Беленджер пожал плечами.

— Если то, что вы говорите, правда, мне его жаль.

— Мне жаль их всех, — Уэйл грустно кивнул. — За долгие годы своей жизни я понял одно. Их участь — делать счастливыми других людей. Других.

Профессия (Перевод С. Васильевой)

Джордж Плейтен сказал с плохо скрытой тоской в голосе:

— Завтра первое мая. Начало Олимпиады!

Он повернулся на живот и через спинку кровати пристально посмотрел на своего соседа по комнате. Неужели он не чувствует того же? Неужели мысль об Олимпиаде совсем его не трогает?

У Джорджа было худое лицо, черты которого еще более обострились за те полтора года, которые он провел в приюте. Он был худощав, но в его синих глазах горел прежний неуемный огонь, а в том, как он сейчас вцепился пальцами в одеяло, было что-то от затравленного зверя.

Его сосед по комнате на мгновение оторвался от книги и заодно отрегулировал силу свечения стены, у которой сидел. Его звали Хали Омани, он был нигерийцем. Темно-коричневая кожа и крупные черты лица Хали Омани, казалось, были созданы для того, чтобы выражать только одно спокойствие, и упоминание об Олимпиаде нисколько его не взволновало.

— Я знаю, Джордж, — произнес он.

Джордж многим был обязан терпению и доброте Хали; бывали минуты, когда он очень в них нуждался, но даже доброта и терпение могут стать поперек глотки. Разве сейчас можно сидеть с невозмутимым видом идола, вырезанного из дерева теплого, сочного цвета?

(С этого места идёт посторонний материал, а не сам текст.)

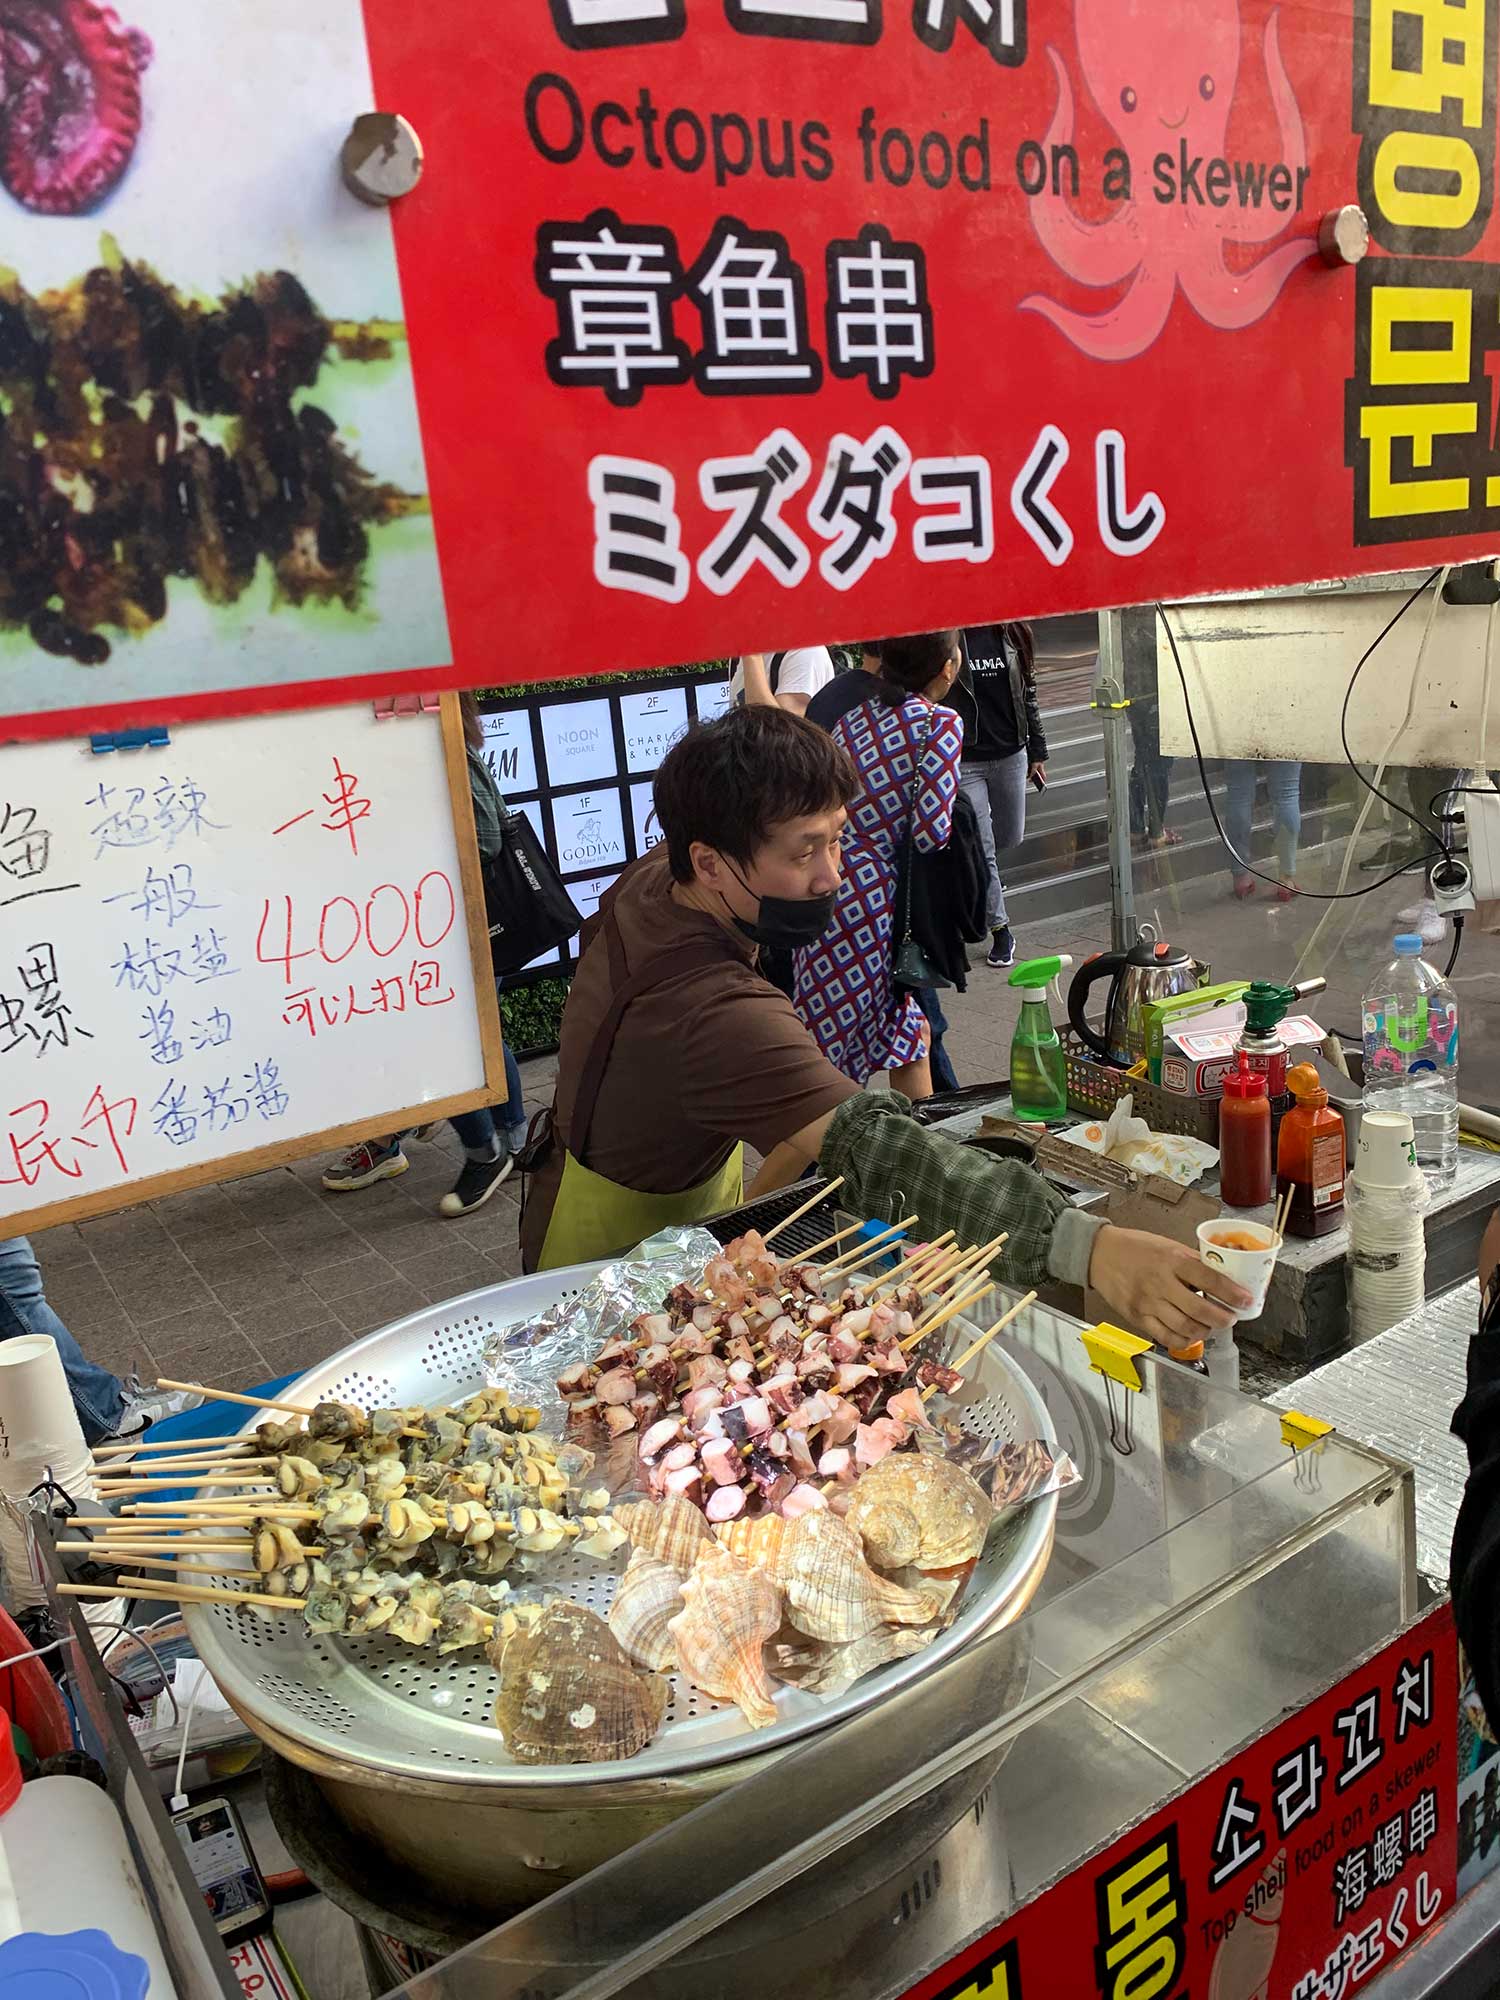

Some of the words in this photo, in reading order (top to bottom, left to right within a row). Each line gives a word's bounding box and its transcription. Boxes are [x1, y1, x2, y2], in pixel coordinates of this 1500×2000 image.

[524, 72, 834, 187] Octopus
[857, 106, 992, 191] food
[1016, 139, 1081, 199] on
[1102, 147, 1132, 201] a
[1152, 139, 1311, 213] skewer
[540, 212, 931, 402] 章鱼串
[587, 425, 1165, 602] ミズダコくし
[646, 696, 659, 708] 2F
[969, 657, 1005, 671] ALMA
[557, 727, 600, 745] NOON
[565, 744, 596, 756] SQUARE
[84, 775, 233, 861] 超辣
[272, 756, 372, 857] 一串
[580, 797, 591, 808] 1F
[101, 863, 223, 928] 一般
[562, 840, 621, 863] GODIVA
[256, 870, 456, 985] 4000
[282, 959, 456, 1037] 可以打包
[0, 1084, 138, 1186] 民币
[1210, 1657, 1433, 1888] 소라꼬치
[1200, 1909, 1237, 1951] Top
[1243, 1861, 1288, 1918] shell
[1294, 1833, 1336, 1876] food
[1340, 1809, 1364, 1836] on
[1368, 1792, 1381, 1815] a
[1384, 1742, 1443, 1800] skewer
[1334, 1790, 1438, 1924] 海螺串
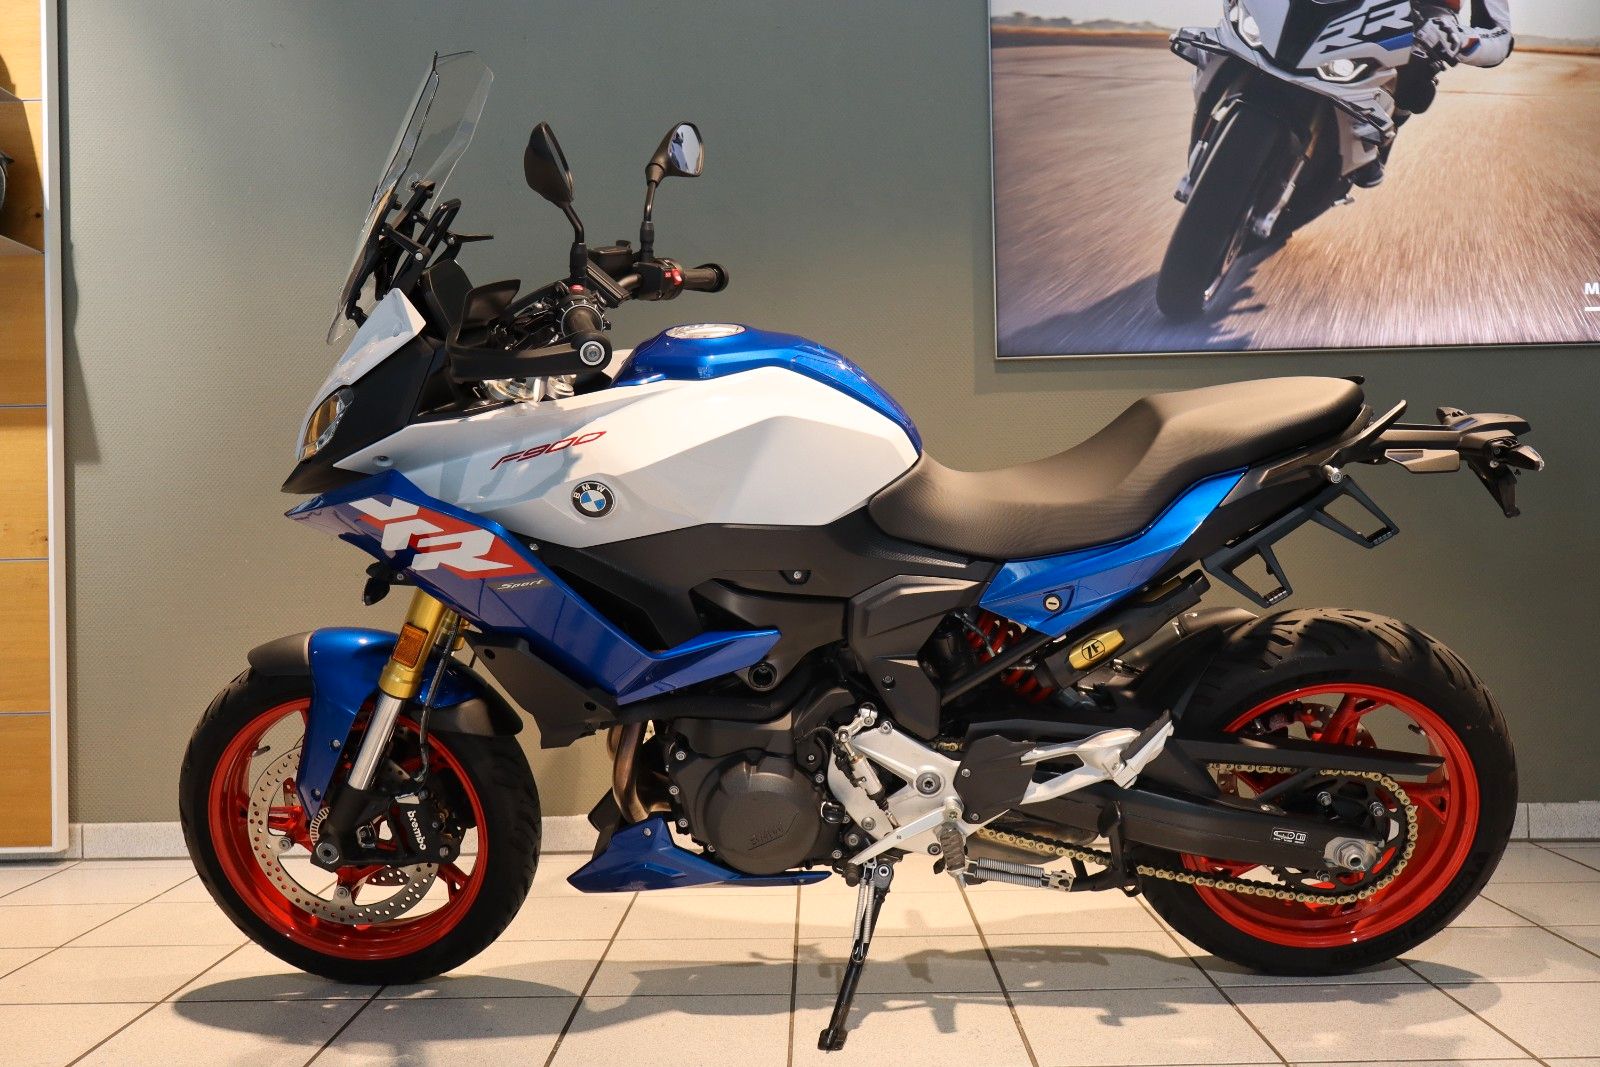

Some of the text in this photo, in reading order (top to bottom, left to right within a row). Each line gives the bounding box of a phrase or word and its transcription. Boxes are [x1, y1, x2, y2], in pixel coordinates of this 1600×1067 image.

[490, 431, 607, 470] F900
[572, 483, 606, 500] BMW
[348, 497, 513, 571] XR
[497, 579, 544, 590] Sport
[1082, 640, 1105, 660] ZF
[406, 810, 427, 850] brembo
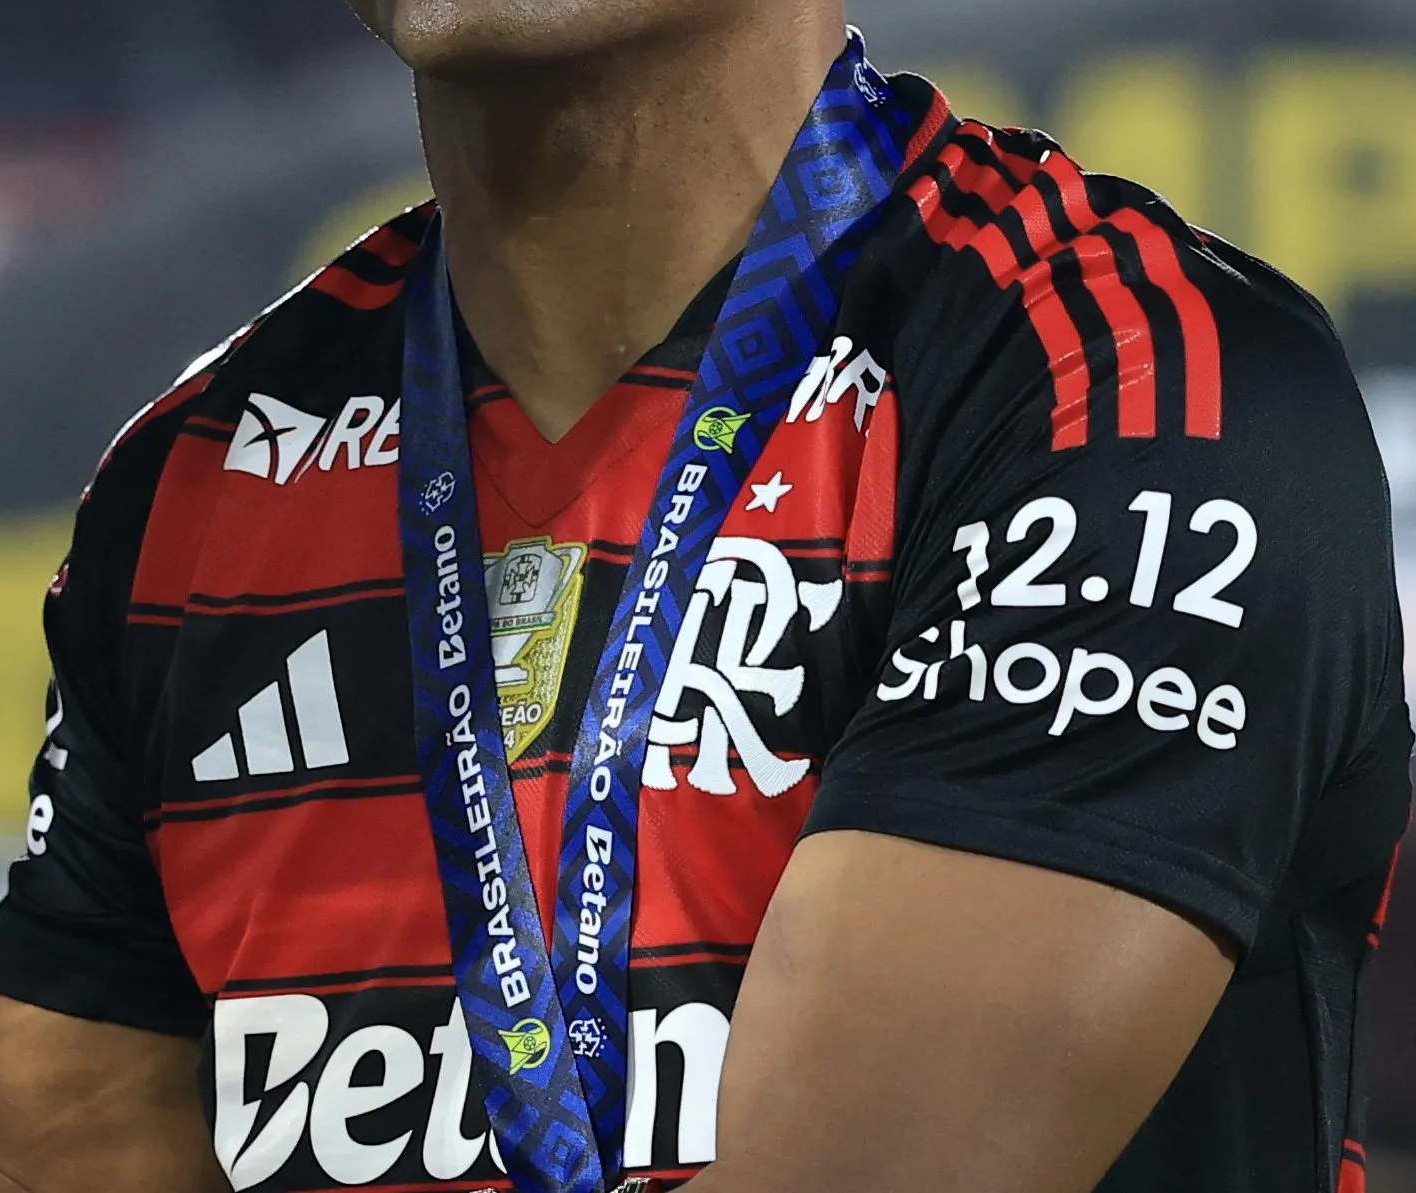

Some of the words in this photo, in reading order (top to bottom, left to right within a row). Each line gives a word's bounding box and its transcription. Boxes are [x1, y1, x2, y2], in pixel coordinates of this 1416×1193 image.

[434, 524, 466, 670] Betano
[589, 463, 708, 802] BRASILEIRÃO
[953, 490, 1259, 631] 12.12
[876, 620, 1248, 750] Shopee
[445, 684, 532, 1008] BRASILEIRÃO
[574, 822, 613, 997] Betano

Джордж подумал, не станет ли он сам таким же через десять лет жизни в этом месте, и с негодованием отогнал эту мысль. Нет!

— По-моему, ты забыл, что значит май, — вызывающе сказал он.

— Я очень хорошо помню, что он значит, — отозвался его собеседник. — Ровным счетом ничего! Ты забыл об этом, а не я. Май ничего не значит для тебя, Джорджа Плейтена… и для меня, Хали Омани, — негромко добавил он.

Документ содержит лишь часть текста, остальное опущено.